Thus in post Famine Ireland the Catholic Church accrued to itself increasing amounts of social and cultural power 10-this was not completely unopposed and had many critics - but mass emigration post Famine which continued throughout the following century meant that the most vociferous ones like the writer James Joyce often made make their critiques of Irish society from abroad and were ignored at home11.
Emigration also meant that much of the normal societal tensions and energies got siphoned off elsewhere leaving Irish society with a set of often stulifying social norms around sexuality which were sometimes flexed to punishing effect on numerous unfortunate victims12. This power did not always go unchallenged within Irish society, Mary Jane -the wife of O’Donovan Rossa the Irish Fenian leader - once asked furiously in an 1868 poem:
Who said 'twas willed our race should be, Live monuments of misery? To spread the faith throughout the world? Who spoke such blasphemy, and why?Who dared the generous God belie? And yet thy bishops-Cullen-saith,'Tis for the glory of Thy Faith.13
The Cullen she was talking about in this poem was Cardinal Paul Cullen, probably the single most influential individual in the history of the Irish Catholic Church since St Patrick. He was an arch conservative and ardent promoter of Roman influence over the Irish Catholic Church post Famine. Cullen, the first ever Irish cardinal, embarked on a major project to both centralise and Romanise the Irish Catholic Church in the late nineteenth century14. The vestiges of his influence are still apparent in the architectural legacy of the remaining late nineteen or early twentieth century church buildings; for example the beautiful St Colman’s Cathedral in Cobh; a high Gothic marble and stained glass palace15 (many years ago when visiting St Peter’s in Rome I felt as though I had stepped into a funhouse mirror version of a Victorian Irish church) .

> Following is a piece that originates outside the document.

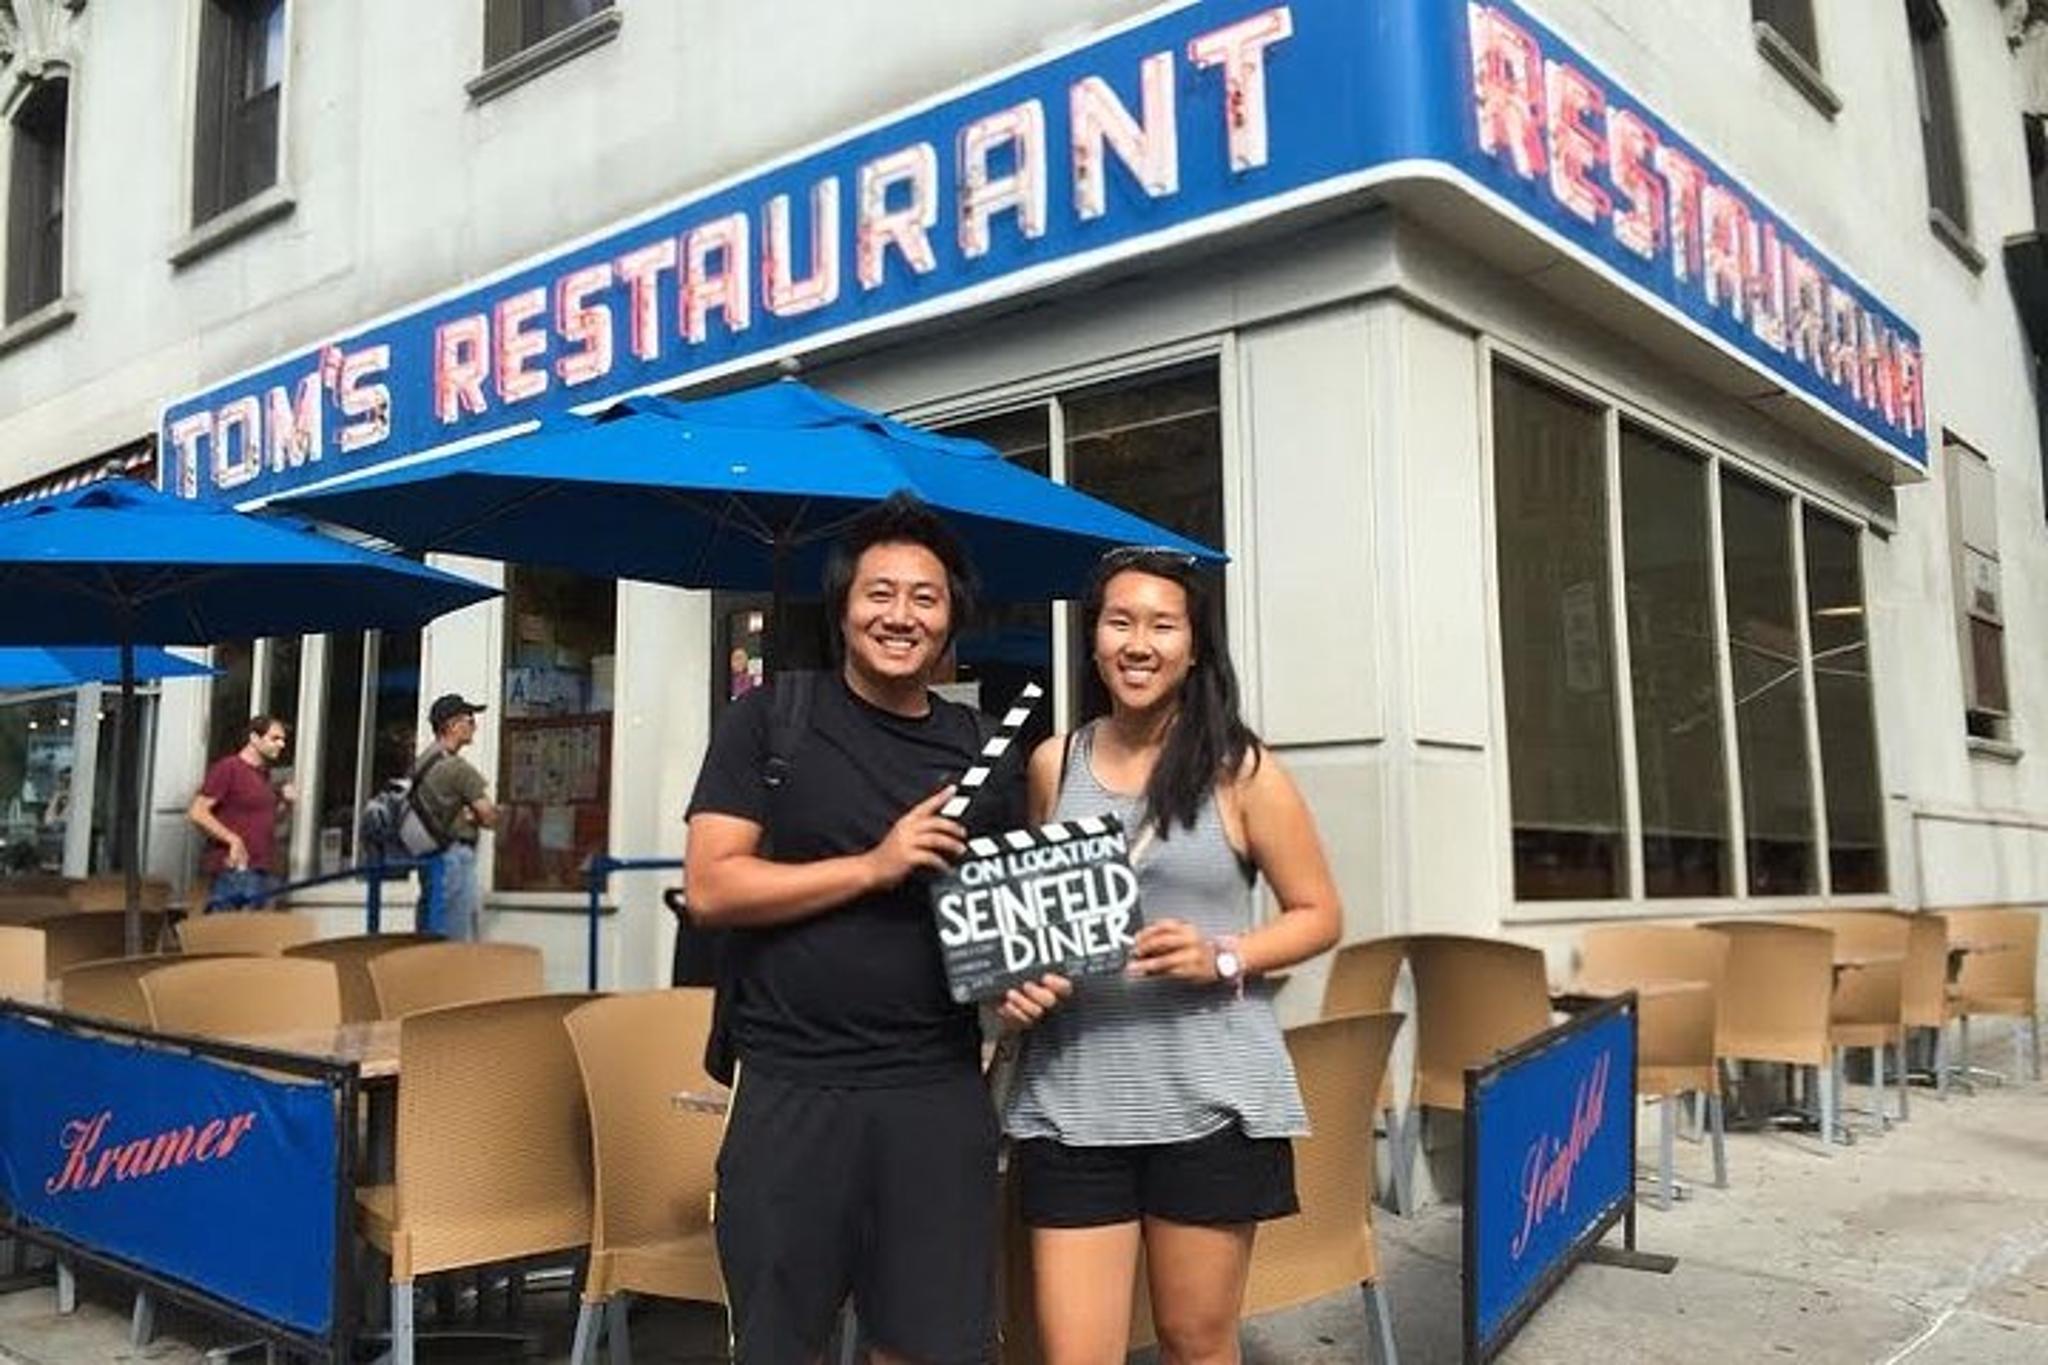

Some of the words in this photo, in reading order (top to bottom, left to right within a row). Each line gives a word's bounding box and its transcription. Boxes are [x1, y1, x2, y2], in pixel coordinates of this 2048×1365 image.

Daniel O’Connell (see previous essay here) instigated the tendency in Irish politics to mine the spiritual energies of Catholicism as a source of oppositional identity in order to bolster the Repeal movement. 16It continued to perform this function in the Home Rule/independence struggles of the late nineteenth and early twentieth century. Many of the leaders of the 1916 rebellion were deeply religious men like Pearse and Joseph Mary Plunkett and they yoked their political beliefs closely to their faiths17.
But the relationship between the official Catholic Church and its erswhile allies in Irish political movements was always an uneasy one - the Catholic hierarchy often vacillated between support and opposition for the various strands of the Irish Home Rule or independence movements in the nineteenth and early twentieth centuries, for instance during the Irish Civil War it vehemently opposed the anti Treaty side and threatened some of its supporters with excommunication18.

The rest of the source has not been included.